Most are ignorant and some even telling a kinda sorta truth and this diagram
kinda sorta tells why

It has to do with how the specifications/ratings are presented and derived. OEMs
have no choice than to do this and is where salesfolk either are ignorant or playing
games

The option mix is large and the matrix even larger of the potential combos. The
options all add weight to the TV. Then the cargo, people, pets, ice chest, etc
also add weight

Since the OEMs used a 'curb' TV (that is the stripper with no options other than
the tow option) and one 150lb driver to derive the MTWR (max tow weight rating)

If you do NOT have that stripper, then the MTWR is wrong for 'your' vehicle

Why it is best to go out and weigh your setup axle by axle, both empty and fully
loaded ready to go camping...then do the simple math against the published ratings
for your TV




So when a salesperson says my Suburban is good for a 10,000 lb trailer
They are not lying, just out of context.
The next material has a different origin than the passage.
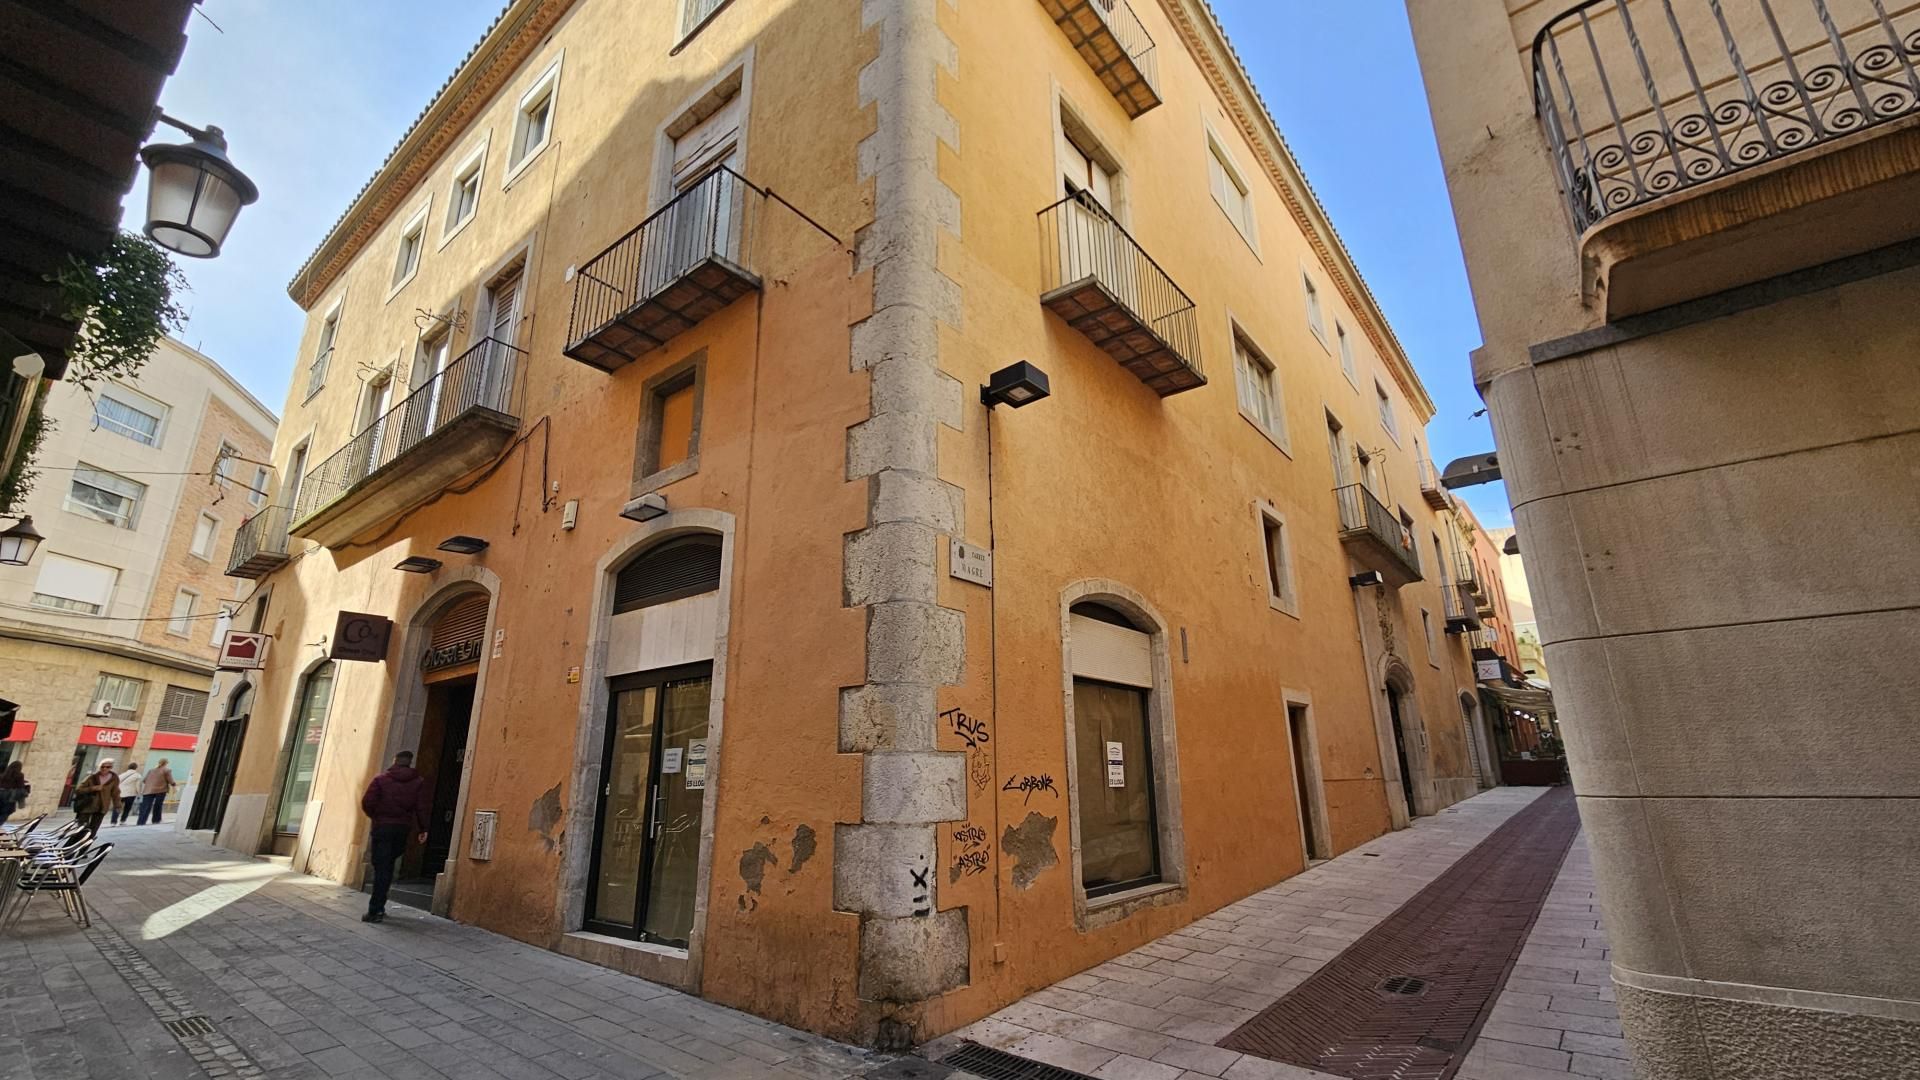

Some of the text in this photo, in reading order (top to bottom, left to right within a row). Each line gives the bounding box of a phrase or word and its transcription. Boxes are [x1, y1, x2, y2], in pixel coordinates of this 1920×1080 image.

[939, 707, 989, 742] TRUS
[96, 729, 123, 744] GAES
[693, 779, 704, 787] LLOG
Sure it's rated for that 'IF'
it is at curb weight, but it isn't

I have the big block (several hundred pounds more than the stock V8)
Have 4x4, which is another few hundred pounds more than stock. Highest
upgrade package(s) and is also several hundred pounds more (power chair,
window, locks, 2nd/3rd row seats, etc, etc)
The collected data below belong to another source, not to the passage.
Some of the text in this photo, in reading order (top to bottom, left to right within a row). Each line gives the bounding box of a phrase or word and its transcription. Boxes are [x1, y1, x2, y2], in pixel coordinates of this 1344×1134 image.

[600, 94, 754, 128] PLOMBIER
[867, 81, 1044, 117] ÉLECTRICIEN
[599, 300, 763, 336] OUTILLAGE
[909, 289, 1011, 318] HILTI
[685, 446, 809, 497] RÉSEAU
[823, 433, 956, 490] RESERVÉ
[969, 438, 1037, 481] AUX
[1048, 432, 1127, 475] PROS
I weigh more than the standard 150lb driver they use. Am 180 lbs

Have a toolbox that weighs 150lb to 250lbs depending what is in there
for that trip.

Then the other 7 seat belts and the cargo in the back and/or on the
roof rack.

After all that, it's not rated for a 10K lb trailer

We see tons of folks coming here after they bought the salesperson
'sure you can', 'your TV is rated for that', etc complaining that they
are having problems (struggling, sagging, etc)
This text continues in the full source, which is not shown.